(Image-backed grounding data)
■ ■ ■ ■ ■ ■ ■
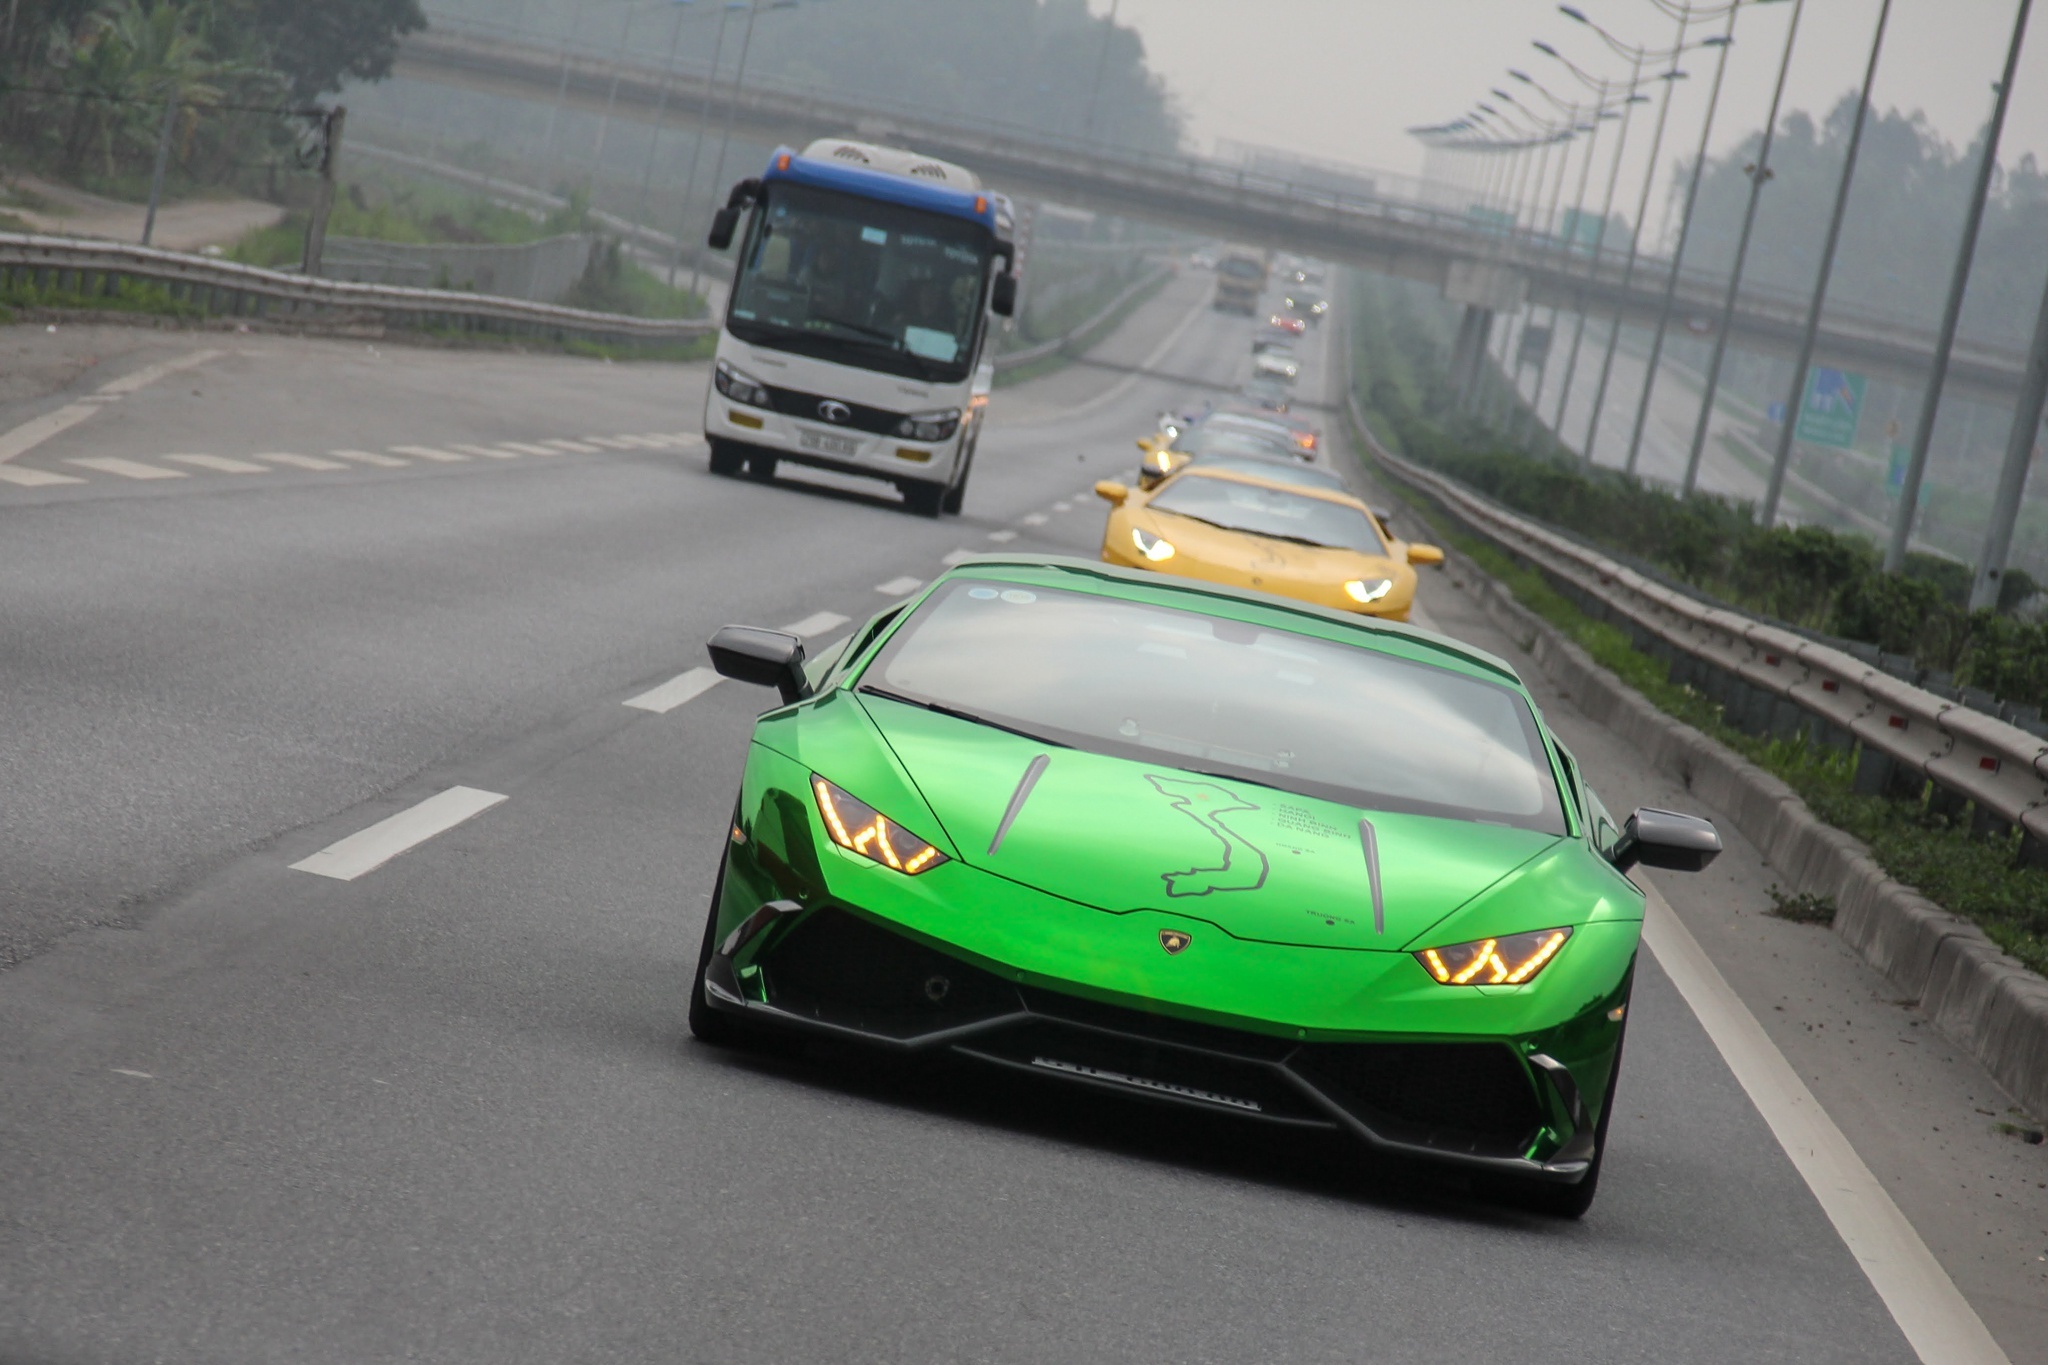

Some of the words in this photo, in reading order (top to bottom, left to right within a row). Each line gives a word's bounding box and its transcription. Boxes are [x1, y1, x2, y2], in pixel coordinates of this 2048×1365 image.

[1279, 813, 1306, 823] NINH
[1277, 822, 1293, 830] DA
[1278, 818, 1320, 831] QUANG
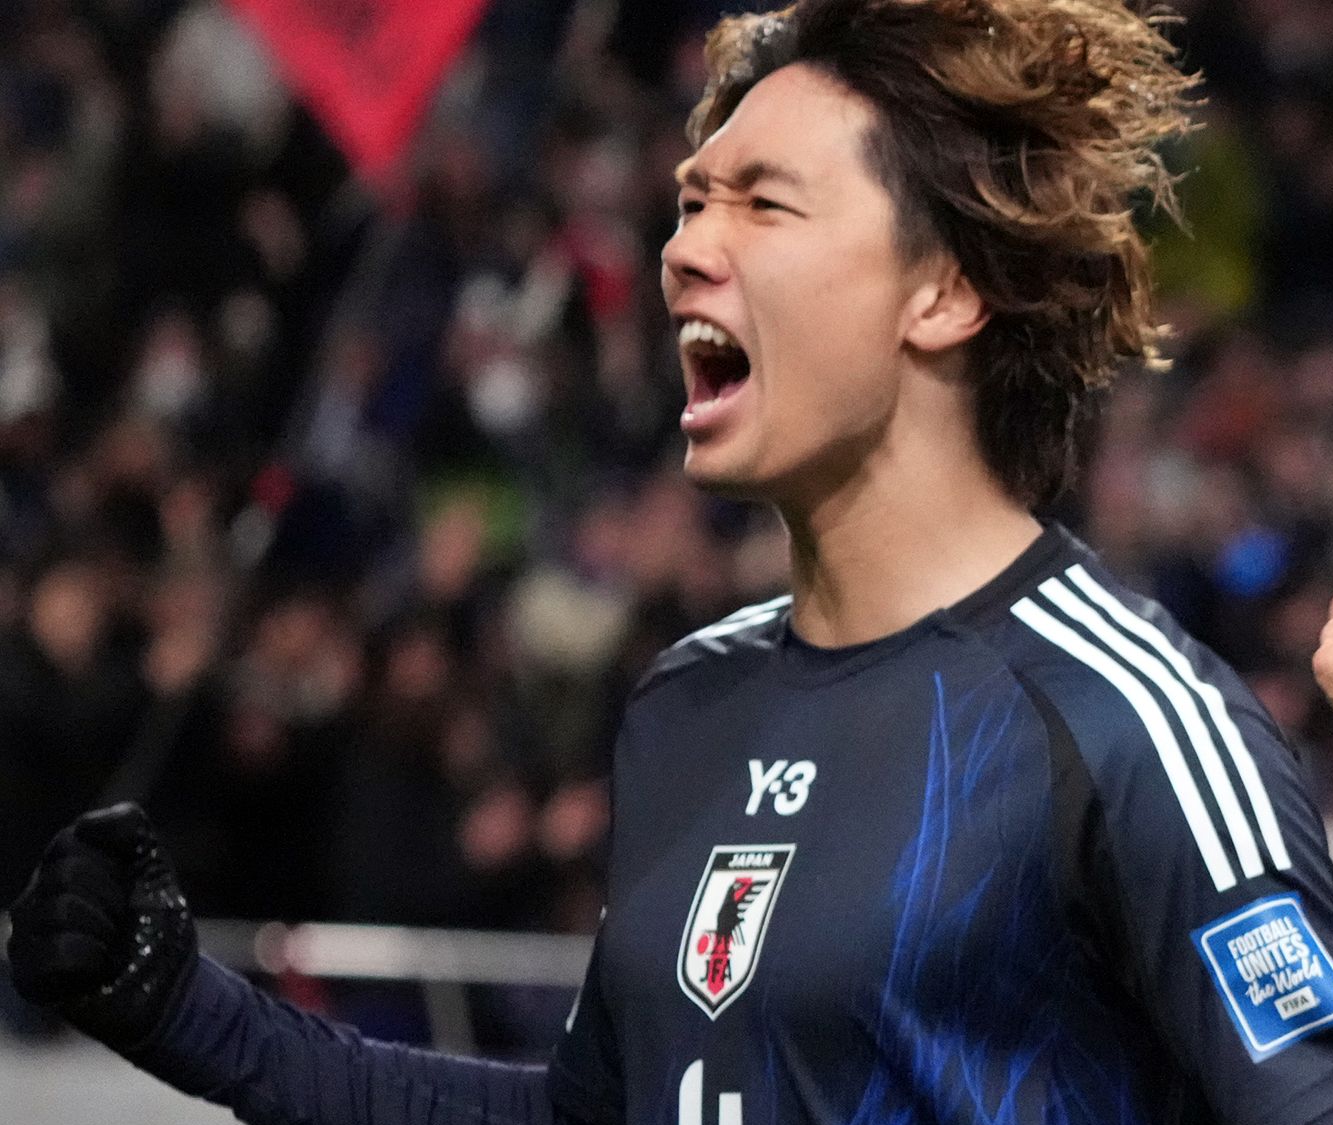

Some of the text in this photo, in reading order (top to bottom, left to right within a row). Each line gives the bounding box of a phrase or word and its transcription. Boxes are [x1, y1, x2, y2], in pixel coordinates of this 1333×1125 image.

[745, 759, 817, 816] Y-3
[728, 853, 774, 868] JAPAN
[1227, 917, 1298, 959] FOOTBALL
[699, 958, 732, 983] JFA
[1236, 933, 1310, 983] UNITES
[1272, 955, 1323, 994] World
[1281, 995, 1309, 1013] FIFA
■ ■ ■ ■ ■ ■ ■
### [Brief]
What is needed is an exact copy of the records above, with no pictures in it.

### [Written answer]
Some of the words in this photo, in reading order (top to bottom, left to right within a row). Each line gives a word's bounding box and its transcription. Boxes are [x1, y1, x2, y2], in pixel coordinates of this 2048×1365 image.

[1279, 813, 1306, 823] NINH
[1277, 822, 1293, 830] DA
[1278, 818, 1320, 831] QUANG

Some of the text in this photo, in reading order (top to bottom, left to right within a row). Each line gives the bounding box of a phrase or word and its transcription. Boxes are [x1, y1, x2, y2], in pixel coordinates of this 1333×1125 image.

[745, 759, 817, 816] Y-3
[728, 853, 774, 868] JAPAN
[1227, 917, 1298, 959] FOOTBALL
[699, 958, 732, 983] JFA
[1236, 933, 1310, 983] UNITES
[1272, 955, 1323, 994] World
[1281, 995, 1309, 1013] FIFA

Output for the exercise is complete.